TASK → Please write out all the entries exactly, without the pictures.

DATA LISTING →

————————

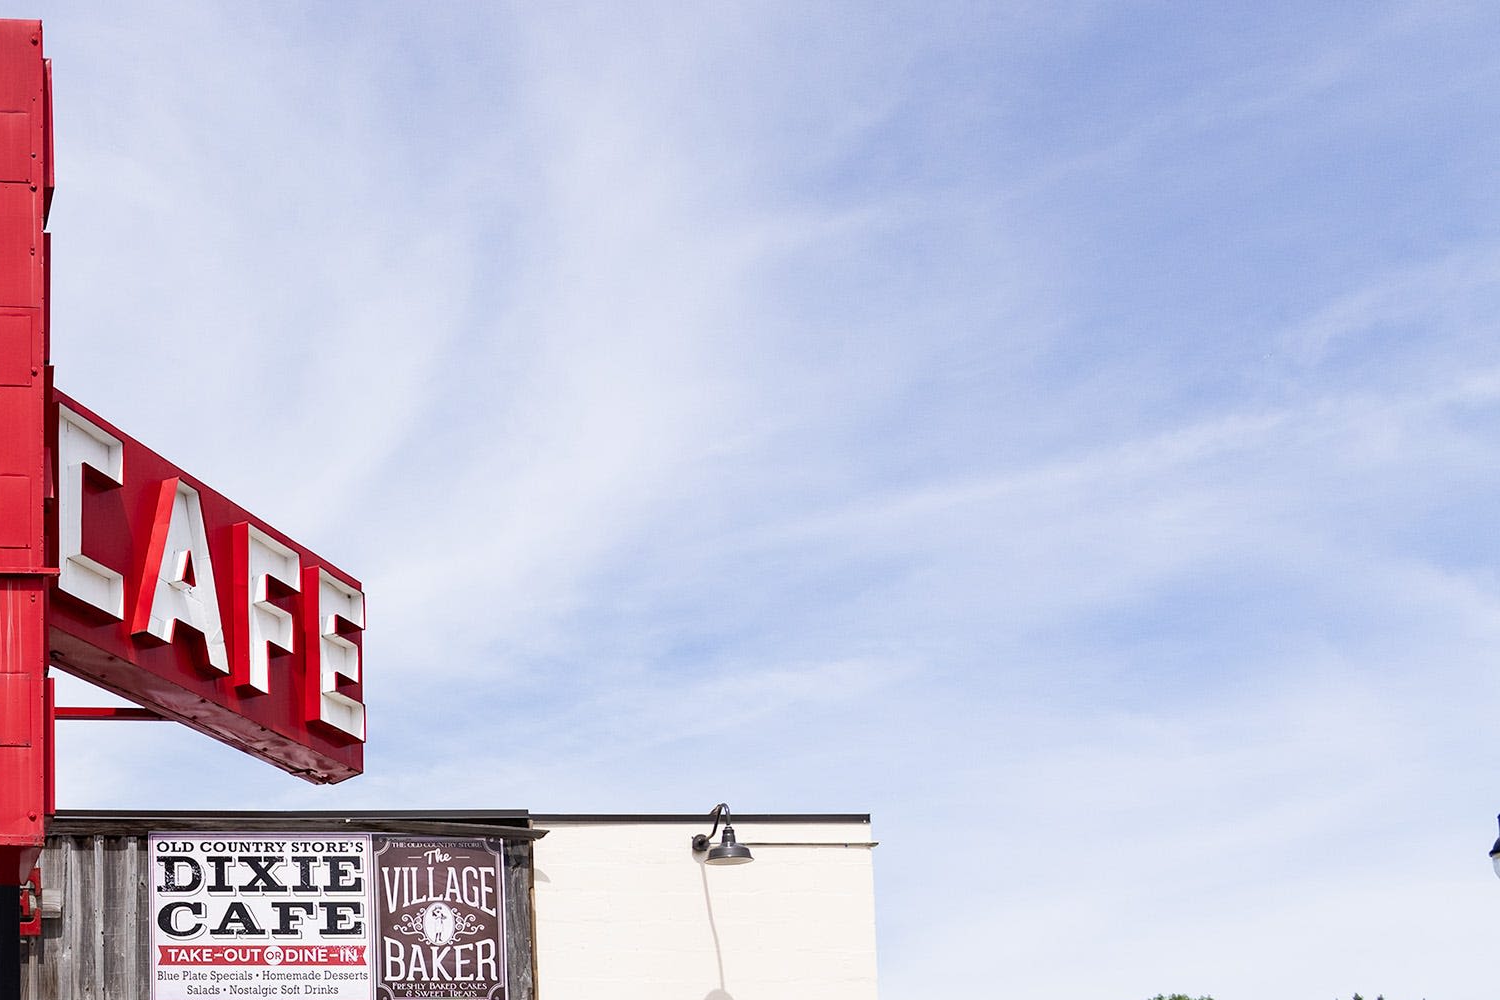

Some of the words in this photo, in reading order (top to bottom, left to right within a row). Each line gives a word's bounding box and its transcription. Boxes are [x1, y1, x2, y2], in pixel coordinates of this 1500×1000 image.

[59, 402, 366, 743] CAFE
[156, 841, 194, 853] OLD
[199, 841, 287, 853] COUNTRY
[291, 841, 364, 853] STORE'S
[424, 848, 452, 864] The
[156, 856, 364, 894] DIXIE
[381, 866, 497, 918] VILLAGE
[157, 901, 364, 938] CAFE
[167, 948, 262, 963] TAKE-OUT
[266, 951, 282, 960] OR
[285, 948, 360, 963] DINE-IN
[383, 935, 498, 982] BAKER
[157, 970, 179, 981] Blue
[182, 970, 208, 981] Plate
[210, 970, 253, 983] Specials
[262, 970, 322, 981] Homemade
[324, 970, 369, 981] Desserts
[186, 984, 220, 995] Salads
[229, 984, 278, 998] Nostalgic
[280, 984, 301, 995] Soft
[304, 984, 339, 995] Drinks

————————

EXPECTED ANSWER →
Some of the words in this photo, in reading order (top to bottom, left to right within a row). Each line gives a word's bounding box and its transcription. Boxes are [x1, y1, x2, y2], in pixel coordinates of this 1500×1000 image.

[59, 402, 366, 743] CAFE
[156, 841, 194, 853] OLD
[199, 841, 287, 853] COUNTRY
[291, 841, 364, 853] STORE'S
[424, 848, 452, 864] The
[156, 856, 364, 894] DIXIE
[381, 866, 497, 918] VILLAGE
[157, 901, 364, 938] CAFE
[167, 948, 262, 963] TAKE-OUT
[266, 951, 282, 960] OR
[285, 948, 360, 963] DINE-IN
[383, 935, 498, 982] BAKER
[157, 970, 179, 981] Blue
[182, 970, 208, 981] Plate
[210, 970, 253, 983] Specials
[262, 970, 322, 981] Homemade
[324, 970, 369, 981] Desserts
[186, 984, 220, 995] Salads
[229, 984, 278, 998] Nostalgic
[280, 984, 301, 995] Soft
[304, 984, 339, 995] Drinks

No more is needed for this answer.